Cassells’ (1995) vegetation map of the park, together with local knowledge and observation were used as the basis of a stratified sampling strategy of miombo, chipya and mateshe vegetation types. A total of 25 belt transects were located within these habitats. Placement of transects was not random as an effort was made to select homogenous areas of vegetation and to avoid ecotones and atypical landscape features such as tracks and roads. Another consideration was accessibility, with most transects located within sight of a road to ensure that they could be easily found again and revisited in future studies. Transect positions were determined using a portable GPS (Garmin 12XL). Standard transects measured 50 x 10 m (= 500 m²), rectangular plots being chosen for ease of sampling and to maximise species diversity (Condit et al., 1996). Transects incorporated a minimum of 50 trees/shrubs or at least 15 specimens of a dominant species. Where these criteria were not met, transects were broadened or lengthened accordingly (Taylor & Walker, 1978).

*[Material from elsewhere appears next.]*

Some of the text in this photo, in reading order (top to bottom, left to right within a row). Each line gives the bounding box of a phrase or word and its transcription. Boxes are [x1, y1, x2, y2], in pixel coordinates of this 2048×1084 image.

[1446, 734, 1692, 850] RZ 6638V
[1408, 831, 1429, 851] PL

Data collected in each plot is summarised in Table 1. Within each transect, woody plants (above 1 m in height) were identified, counted and measured for diameter at breast height. Herbs and grasses were identified, and ground cover density estimated on a scale of 1-5. Evidence of damage to vegetation by fire or other causes was also determined and noted. Soil pits were dug to a depth of 0.5 m, and soil colour and texture noted. Soil samples (200g) were taken from all plots at two different depths (5-10 cm and 25-40 cm). Other criteria noted for each plot included topographic features, and number and activity of termite mounds. Photographs were taken of all plots.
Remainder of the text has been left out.